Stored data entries

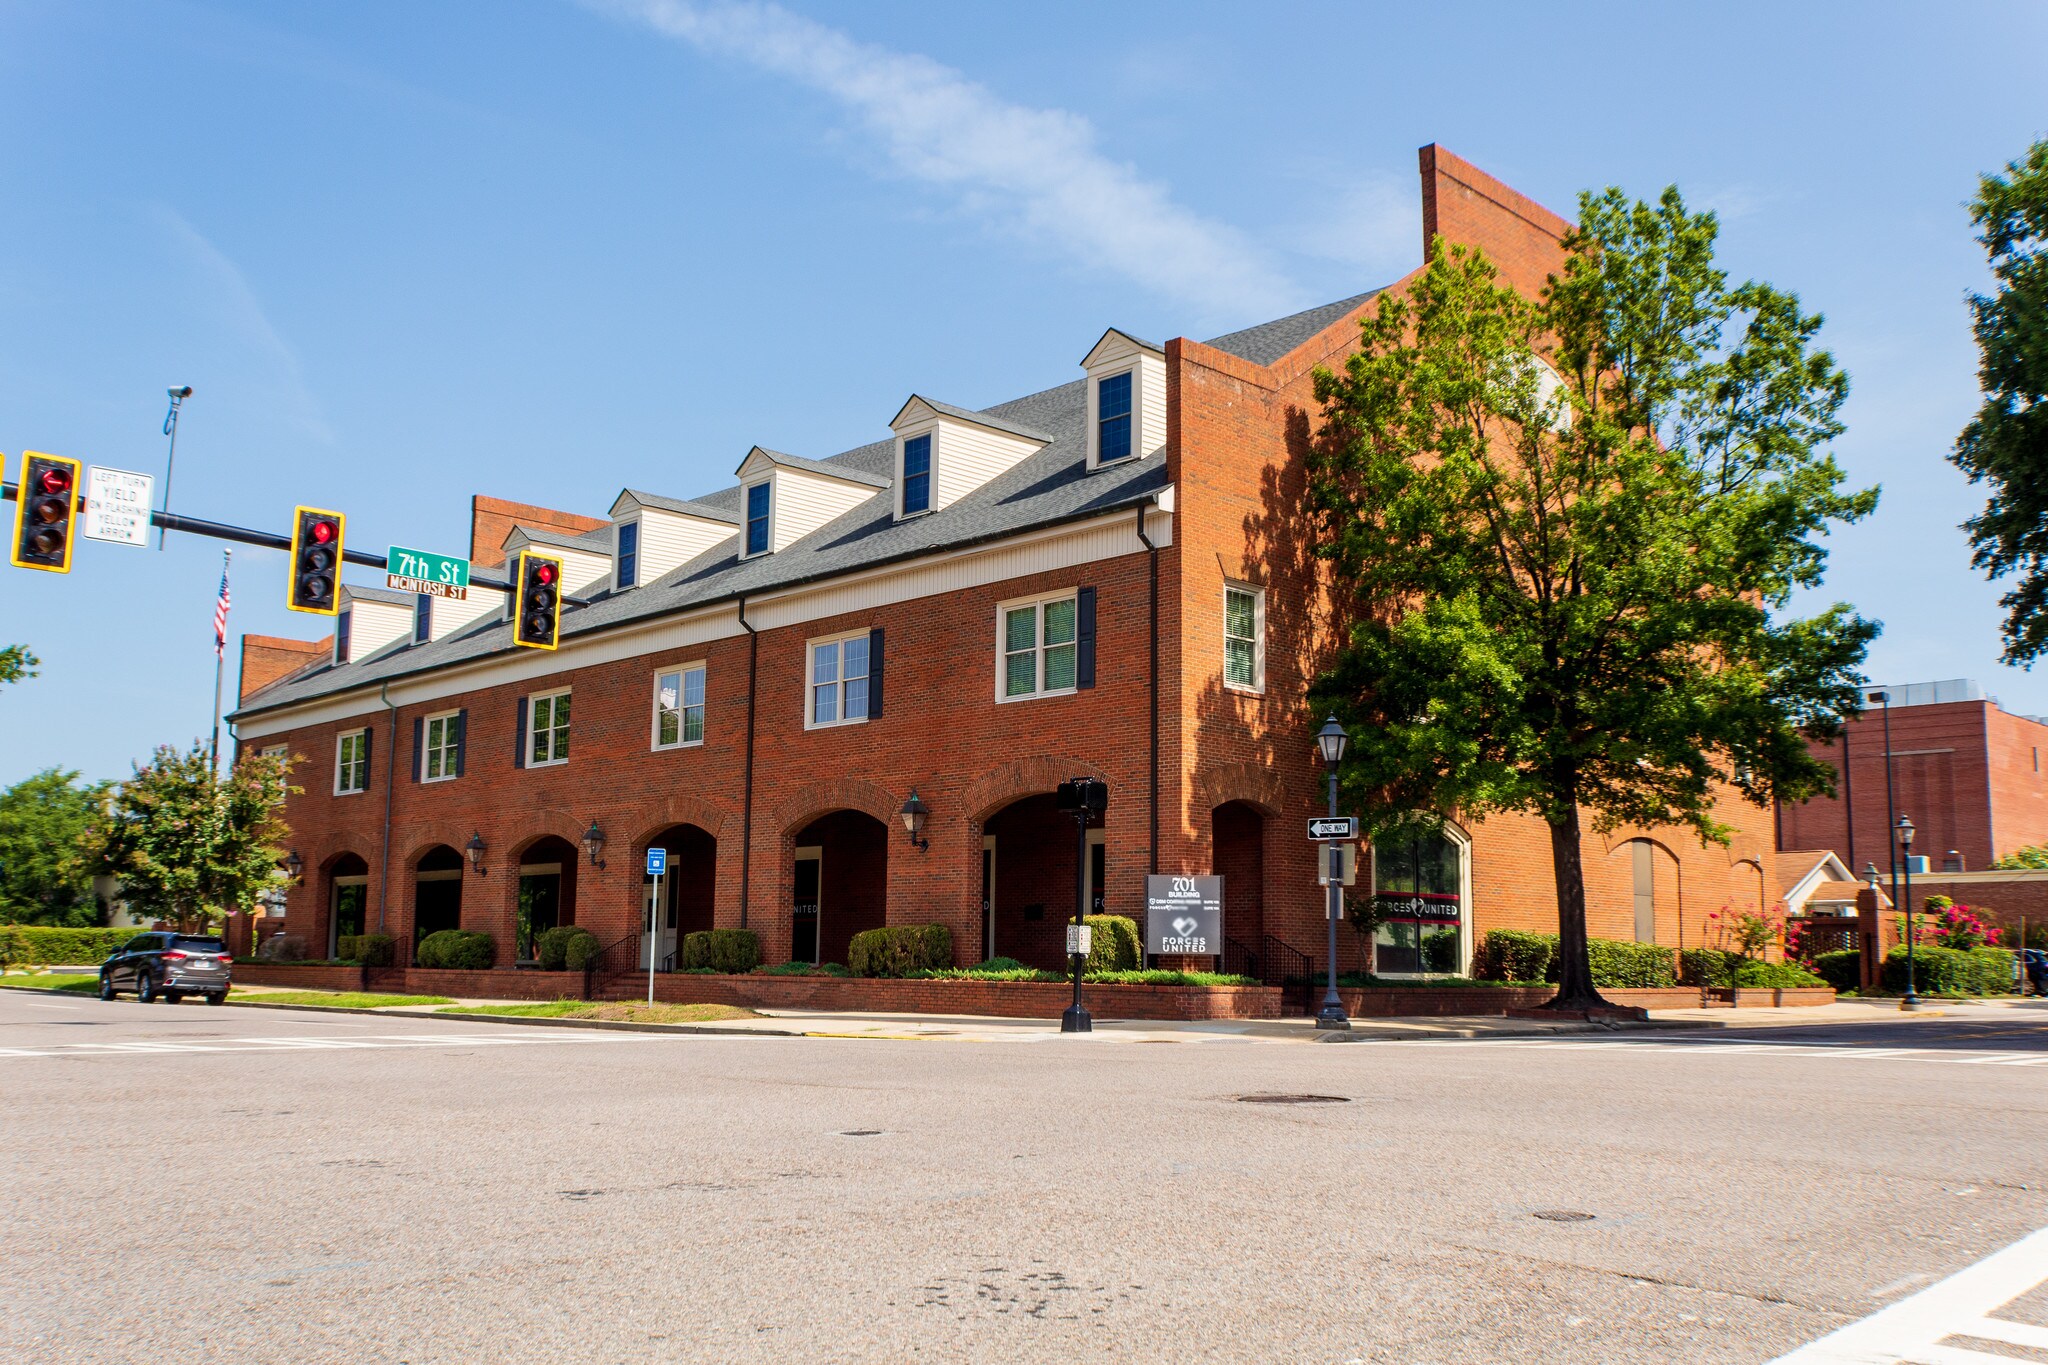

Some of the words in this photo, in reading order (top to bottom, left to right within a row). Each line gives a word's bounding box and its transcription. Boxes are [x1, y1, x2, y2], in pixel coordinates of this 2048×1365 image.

[96, 472, 118, 483] LEFT
[122, 476, 146, 487] TURN
[103, 486, 137, 502] YIELD
[90, 500, 101, 509] ON
[105, 502, 148, 517] FLASHING
[99, 513, 135, 527] YELLOW
[100, 527, 132, 538] ARROW
[398, 553, 429, 579] 7th
[439, 561, 460, 585] St
[390, 575, 446, 596] MCINTOSH
[449, 585, 464, 599] ST
[1320, 824, 1333, 833] ONE
[1334, 824, 1346, 832] WAY
[1172, 877, 1196, 892] 701
[793, 904, 818, 913] NITED
[1424, 903, 1458, 916] UNITED
[1162, 937, 1206, 945] FORCES
[1162, 944, 1206, 953] UNITED
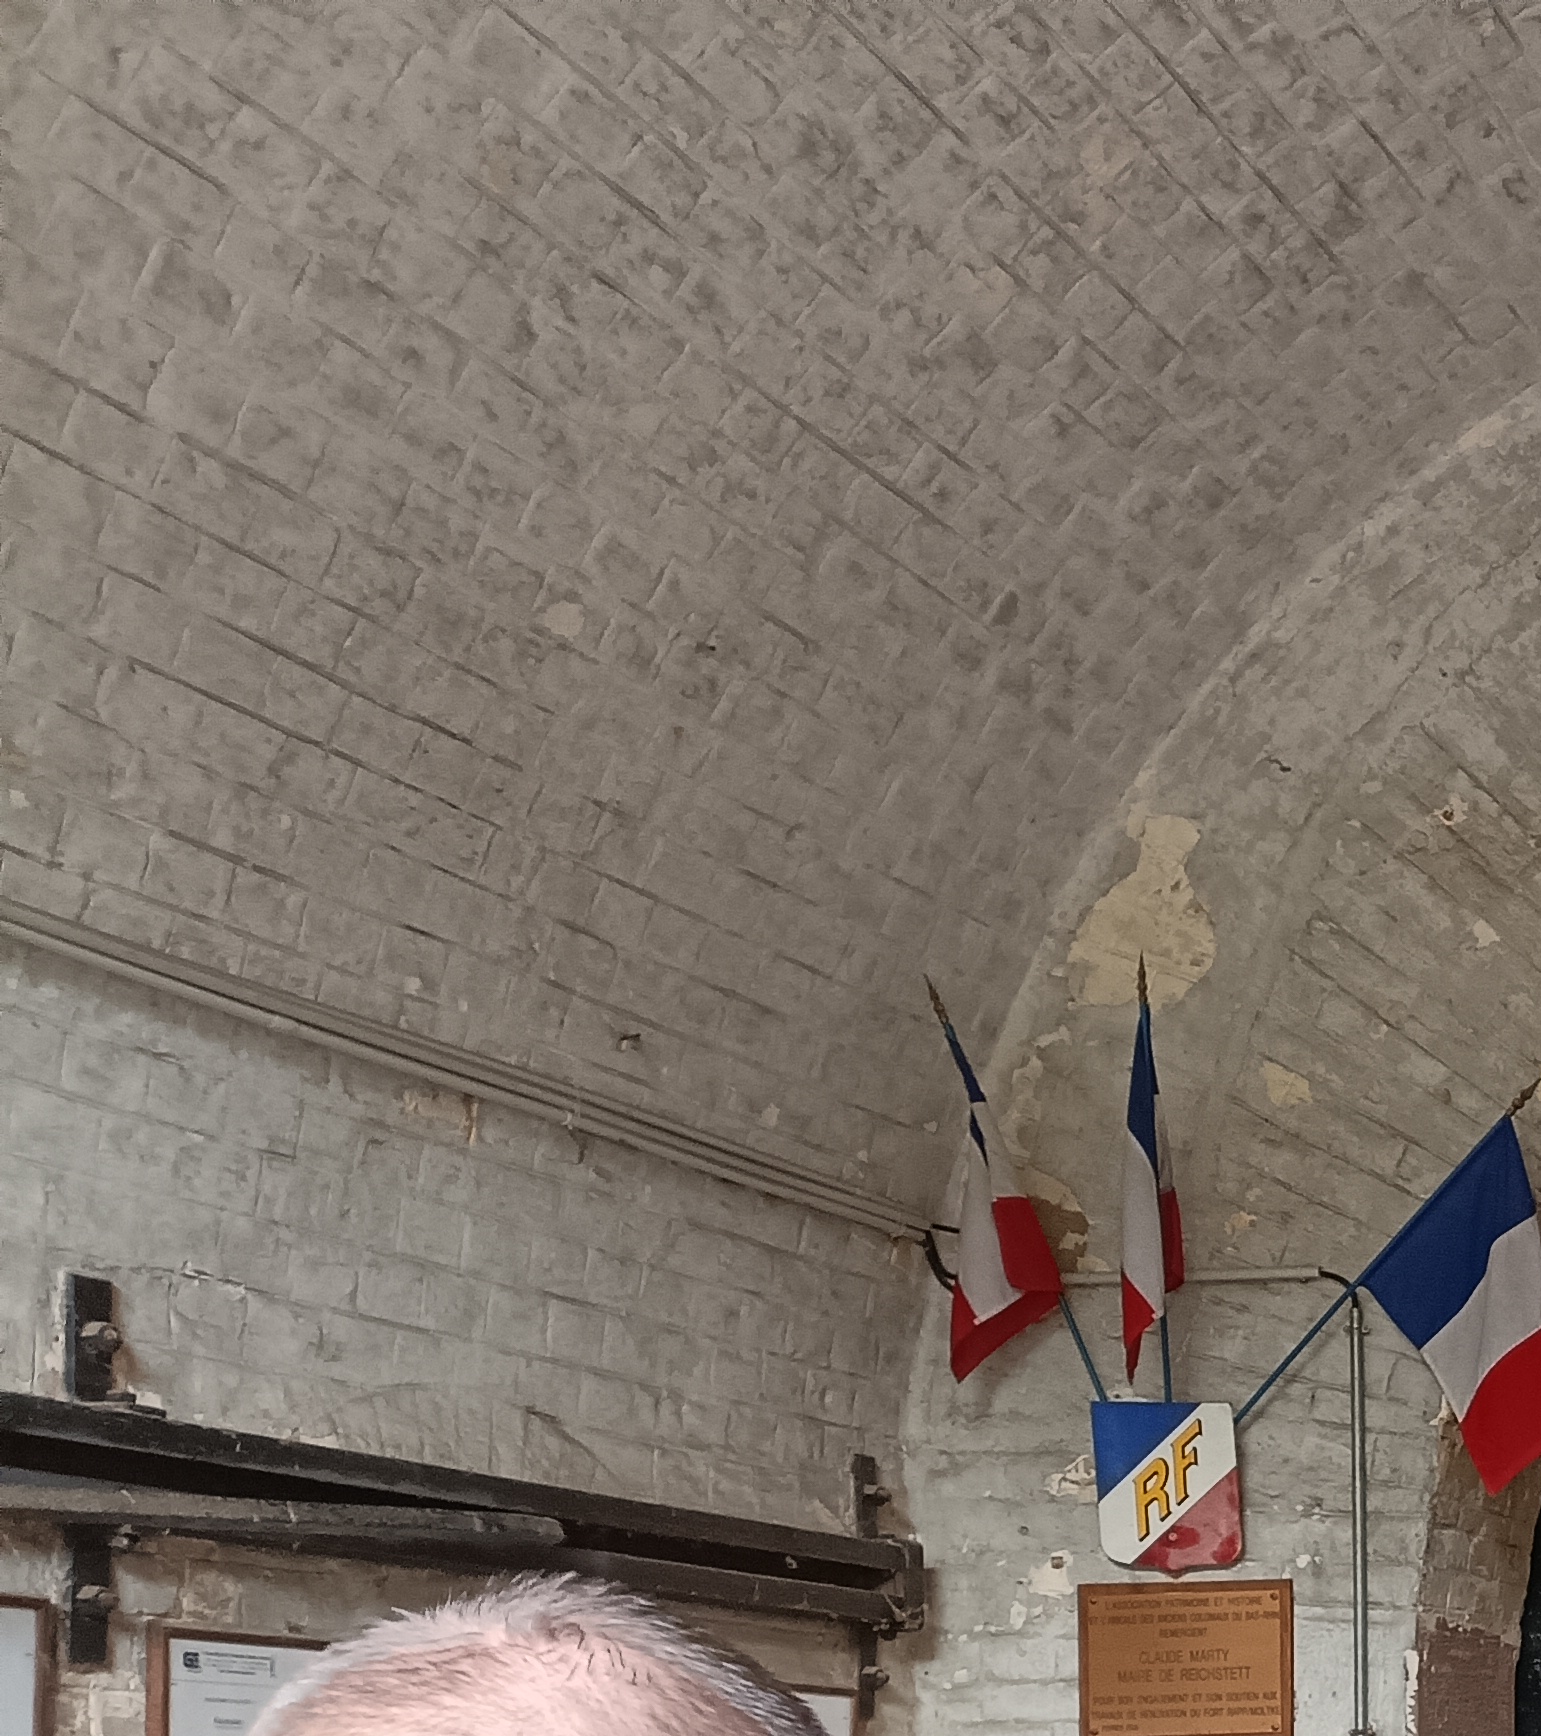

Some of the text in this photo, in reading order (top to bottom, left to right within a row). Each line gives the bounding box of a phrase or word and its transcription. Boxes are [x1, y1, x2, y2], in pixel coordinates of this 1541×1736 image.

_Exercise details_
The images are to be left out; every line above should be set down exactly.

_Response to this exercise_
Some of the words in this photo, in reading order (top to bottom, left to right within a row). Each line gives a word's bounding box and its transcription. Boxes are [x1, y1, x2, y2], in pixel coordinates of this 2048×1365 image.

[96, 472, 118, 483] LEFT
[122, 476, 146, 487] TURN
[103, 486, 137, 502] YIELD
[90, 500, 101, 509] ON
[105, 502, 148, 517] FLASHING
[99, 513, 135, 527] YELLOW
[100, 527, 132, 538] ARROW
[398, 553, 429, 579] 7th
[439, 561, 460, 585] St
[390, 575, 446, 596] MCINTOSH
[449, 585, 464, 599] ST
[1320, 824, 1333, 833] ONE
[1334, 824, 1346, 832] WAY
[1172, 877, 1196, 892] 701
[793, 904, 818, 913] NITED
[1424, 903, 1458, 916] UNITED
[1162, 937, 1206, 945] FORCES
[1162, 944, 1206, 953] UNITED

Some of the text in this photo, in reading order (top to bottom, left to right within a row). Each line gives the bounding box of a phrase or word and its transcription. Boxes are [x1, y1, x2, y2], in pixel coordinates of this 1541×1736 image.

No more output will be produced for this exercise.